SoFi Becoming Publicly-Traded via Merger with Social Capital Hedosophia

On Thursday, Social Finance, Inc. (“SoFi”), a leading next-generation financial services platform, entered into a definitive agreement with Social Capital Hedosophia Holdings Corp. V (“SCH”) (NYSE: IPOE), a publicly-traded special purpose acquisition company, to bring a major consumer-focused financial technology business to the public markets. The transaction values the Company at an equity value of $8.65 billion post-money.

SoFi’s one-stop-shop, multi-product strategy, and leading technology platform, Galileo, place the company at the epicenter of the digital revolution in financial services.
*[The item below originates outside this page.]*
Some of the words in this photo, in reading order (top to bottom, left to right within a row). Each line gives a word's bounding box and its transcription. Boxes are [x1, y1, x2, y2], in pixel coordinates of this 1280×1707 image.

As Anthony Noto, Chief Executive Officer of SoFi, explains, “SoFi is on a mission to help people achieve financial independence to realize their ambitions. Our ecosystem of products, rewards, and membership benefits all work together to help our members get their money right.

He continues, “With the secular acceleration in digital-first financial services offerings, SoFi is the only company providing a comprehensive solution all in one app. The new investments and our partnership with Social Capital Hedosophia signify the confidence in our strategy, the momentum in our business, as well as the significant growth opportunity ahead of us. We look forward to helping more people get their money right in the years to come.”

A Major Transaction

The transaction is expected to deliver up to $2.4 billion of gross proceeds to the combined company, including the contribution of up to $805 million of cash held in SCH’s trust account from its initial public offering in October 2020. The combination is further supported by a $1.2 billion PIPE at $10 per share led by Palihapitiya, with commitments from funds and accounts managed by BlackRock, Altimeter Capital Management, Baron Capital Group, Coatue Management, Durable Capital Partners LP, and Healthcare of Ontario Pension Plan (HOOPP). SoFi also received a previous anchor investment from funds and accounts advised by T. Rowe Price Associates, Inc.
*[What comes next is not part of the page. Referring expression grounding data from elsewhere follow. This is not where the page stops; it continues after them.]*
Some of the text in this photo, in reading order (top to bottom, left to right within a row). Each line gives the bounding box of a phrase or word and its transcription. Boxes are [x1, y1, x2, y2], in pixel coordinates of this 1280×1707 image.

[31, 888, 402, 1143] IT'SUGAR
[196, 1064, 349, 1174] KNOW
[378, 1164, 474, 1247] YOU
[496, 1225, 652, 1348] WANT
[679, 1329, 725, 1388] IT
“SoFi’s innovative, member-first platform has demystified financial services for millions of Americans and simplified the process for those looking to apply for loans, invest their money, obtain insurance and refinance their debt, among many other tasks that were previously arcane and needlessly complicated,” states Chamath Palihapitiya, Founder and CEO of Social Capital Hedosophia V.

He continues, “Additionally, the acceleration of cross-buying by existing SoFi members has created a virtuous cycle of compounding growth, diversified revenue, and high profitability. We look forward to partnering with Anthony and his team as they help even more members to achieve financial independence.”

Existing SoFi shareholders will roll 100 percent of their equity into the combined company. Concurrent with closing, $150 million of the transaction proceeds will be used for strategic secondary transactions that will help structure SoFi’s pro forma capitalization table in a way that is more conducive to obtaining an OCC national bank charter. All references to available cash from the trust account and retained transaction proceeds are subject to any redemptions by the public shareholders of SCH and payment of transaction expenses.

The transaction, which has been unanimously approved by SCH’s board of directors and the independent directors of SoFi’s board of directors, is expected to close in the first quarter of 2021 and is subject to approval by SCH’s shareholders and other customary closing conditions, including any applicable regulatory approvals. SoFi’s world-class management team, led by Noto, will continue to lead SoFi following the transaction.